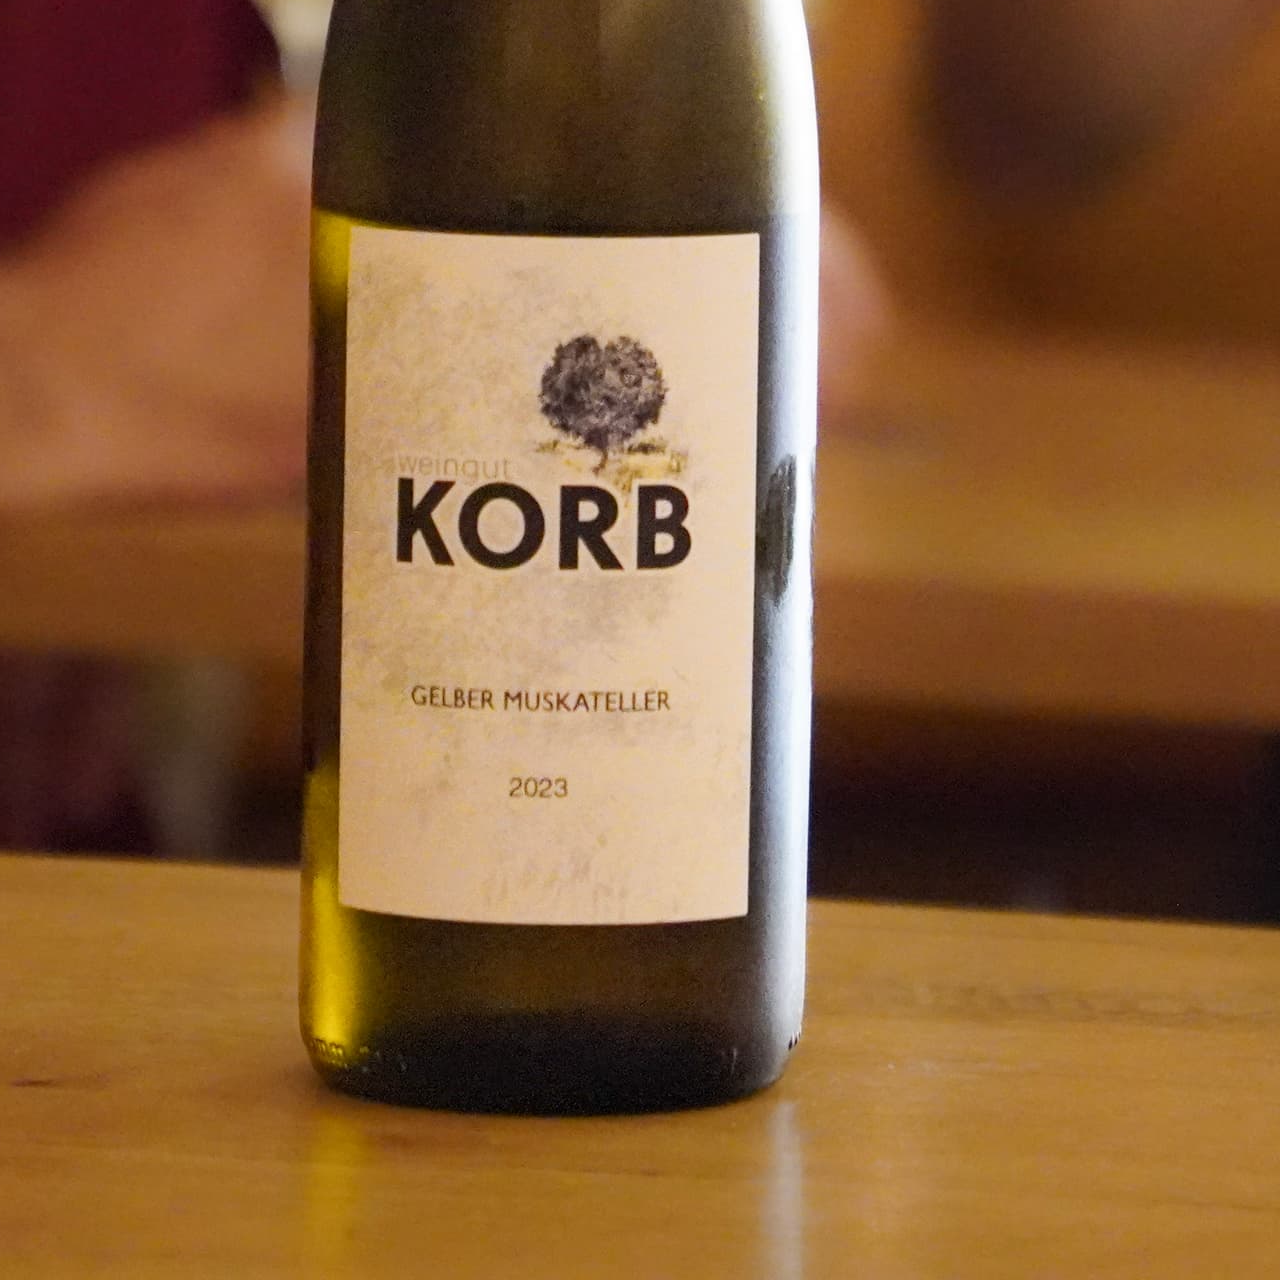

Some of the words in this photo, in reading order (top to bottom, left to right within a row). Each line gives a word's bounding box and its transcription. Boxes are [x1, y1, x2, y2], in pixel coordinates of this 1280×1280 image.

[397, 453, 510, 482] weingut
[396, 477, 692, 571] KORB
[411, 684, 494, 711] GELBER
[503, 689, 671, 713] MUSKATELLER
[509, 776, 569, 799] 2023
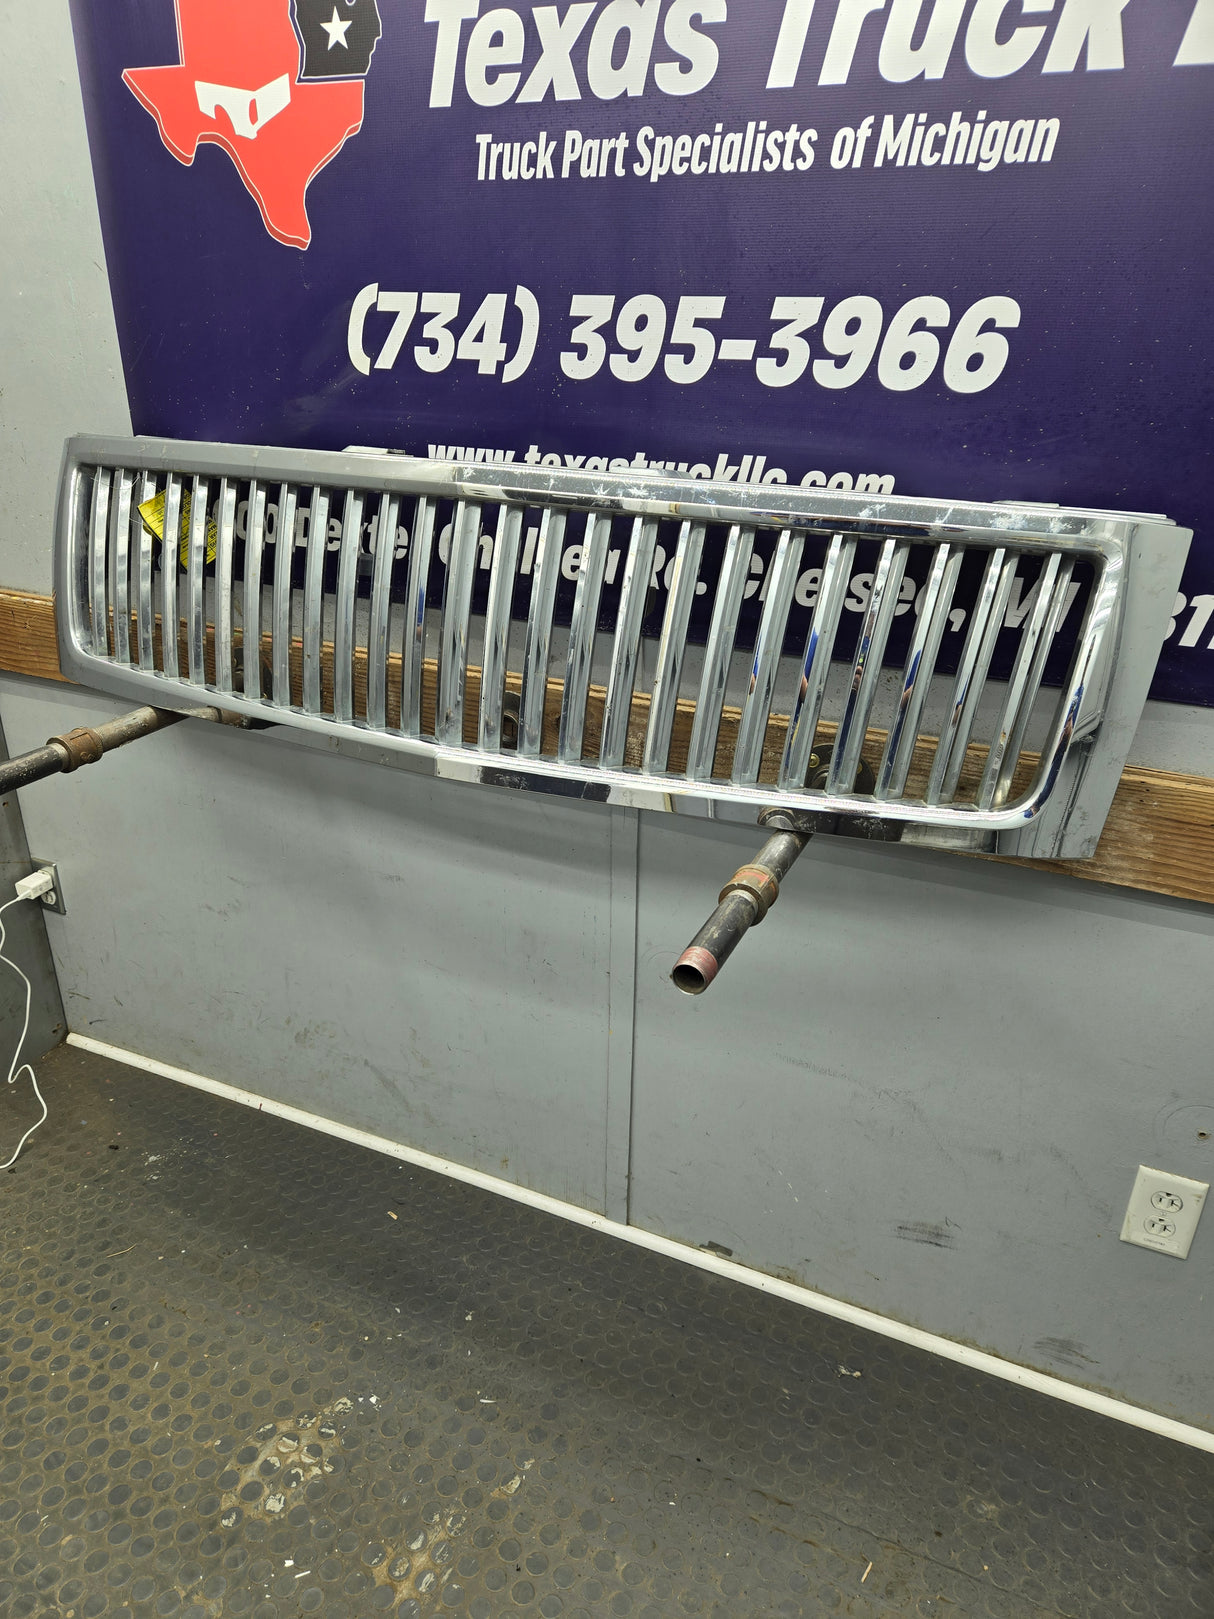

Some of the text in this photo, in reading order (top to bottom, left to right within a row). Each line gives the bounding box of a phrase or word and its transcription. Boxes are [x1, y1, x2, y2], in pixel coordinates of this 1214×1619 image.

[424, 0, 727, 108] Texas
[476, 110, 1061, 183] Truck Part Specialists of Michigan
[347, 282, 1021, 394] (734) 395-3966

## What the task requires
The entries are to be written out in full and exactly, apart from the pictures.

## Answer to the problem
Some of the words in this photo, in reading order (top to bottom, left to right within a row). Each line gives a word's bounding box and its transcription. Boxes are [x1, y1, x2, y2], in pixel coordinates of this 1280×1280 image.

[397, 453, 510, 482] weingut
[396, 477, 692, 571] KORB
[411, 684, 494, 711] GELBER
[503, 689, 671, 713] MUSKATELLER
[509, 776, 569, 799] 2023

Some of the text in this photo, in reading order (top to bottom, left to right within a row). Each line gives the bounding box of a phrase or word and its transcription. Boxes are [x1, y1, x2, y2], in pixel coordinates of this 1214×1619 image.

[424, 0, 727, 108] Texas
[476, 110, 1061, 183] Truck Part Specialists of Michigan
[347, 282, 1021, 394] (734) 395-3966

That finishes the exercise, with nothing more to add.